Alvarez hypothesis

The Alvarez hypothesis posits that the mass extinction of the non-avian dinosaurs and many other living things during the Cretaceous–Paleogene extinction event was caused by the impact of a large asteroid on the Earth. Prior to 2013, it was commonly cited as having happened about 65 million years ago, but Renne and colleagues (2013) gave an updated value of 66 million years.^[1] Evidence indicates that the asteroid fell in the Yucatán Peninsula, at Chicxulub, Mexico. The hypothesis is named after the father-and-son team of scientists Luis and Walter Alvarez, who first suggested it in 1980. Shortly afterwards, and independently, the same was suggested by Dutch paleontologist Jan Smit.^[2]

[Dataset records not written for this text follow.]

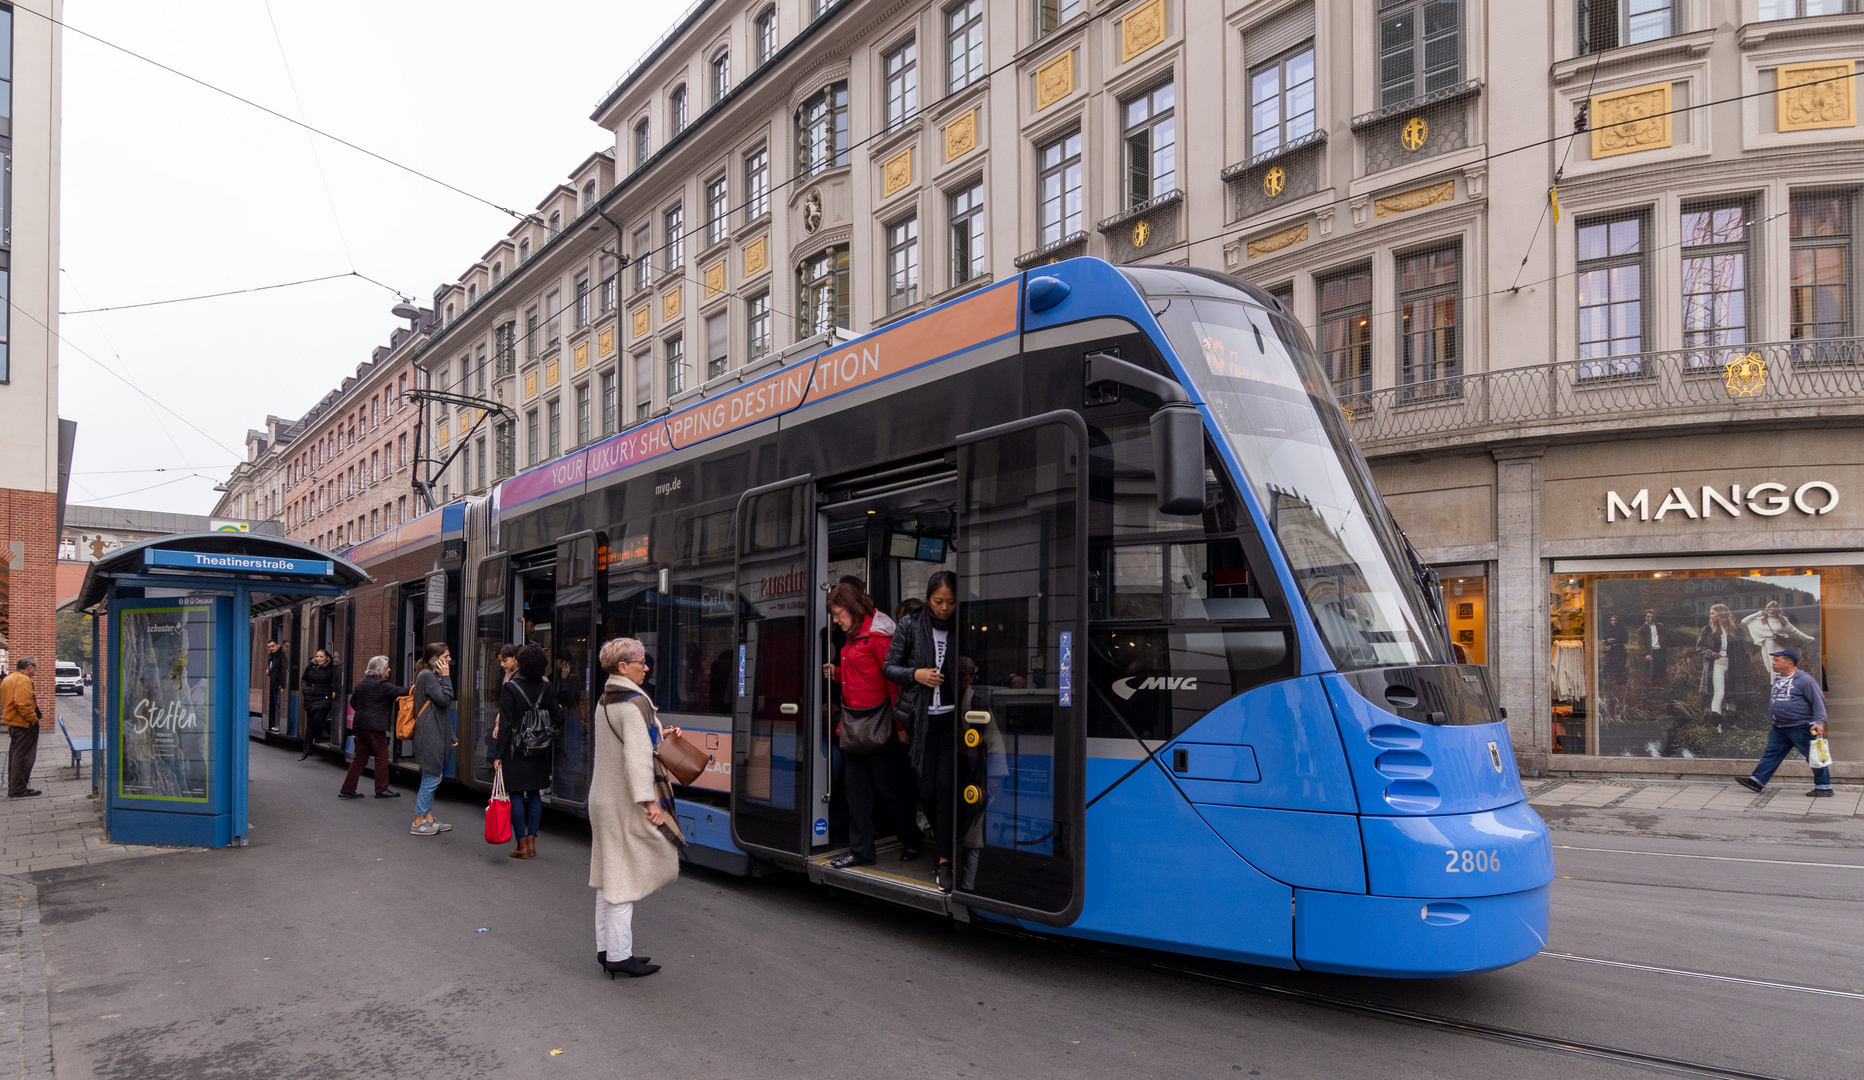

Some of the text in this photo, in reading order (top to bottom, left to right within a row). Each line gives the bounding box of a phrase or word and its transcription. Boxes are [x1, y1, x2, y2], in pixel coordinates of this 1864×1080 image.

[551, 343, 881, 486] YOUR LUXURY SHOPPING DESTINATION
[655, 476, 682, 496] mvg.de
[1606, 480, 1840, 523] MANGO
[194, 554, 294, 570] Theatinerstraße
[445, 548, 458, 559] 2806
[146, 623, 175, 633] schuster
[1137, 676, 1198, 690] MVG
[133, 698, 198, 734] Steffen
[1445, 848, 1501, 873] 2806

In March 2010, an international panel of scientists endorsed the asteroid hypothesis, specifically the Chicxulub impact, as being the cause of the extinction. A team of 41 scientists reviewed 20 years of scientific literature and in so doing also ruled out other theories such as massive volcanism. They had determined that a space rock 10–15 km (6–9 mi) in diameter hurtled into earth at Chicxulub. For comparison, the Martian moon Phobos has a diameter of 22 km (14 mi), and Mount Everest is just under 9 km (5.6 mi). The collision would have released the same energy as 100,000,000 megatonnes of TNT (4.2×10²³ J), over a billion times the energy of the atomic bombs dropped on Hiroshima and Nagasaki.^[3]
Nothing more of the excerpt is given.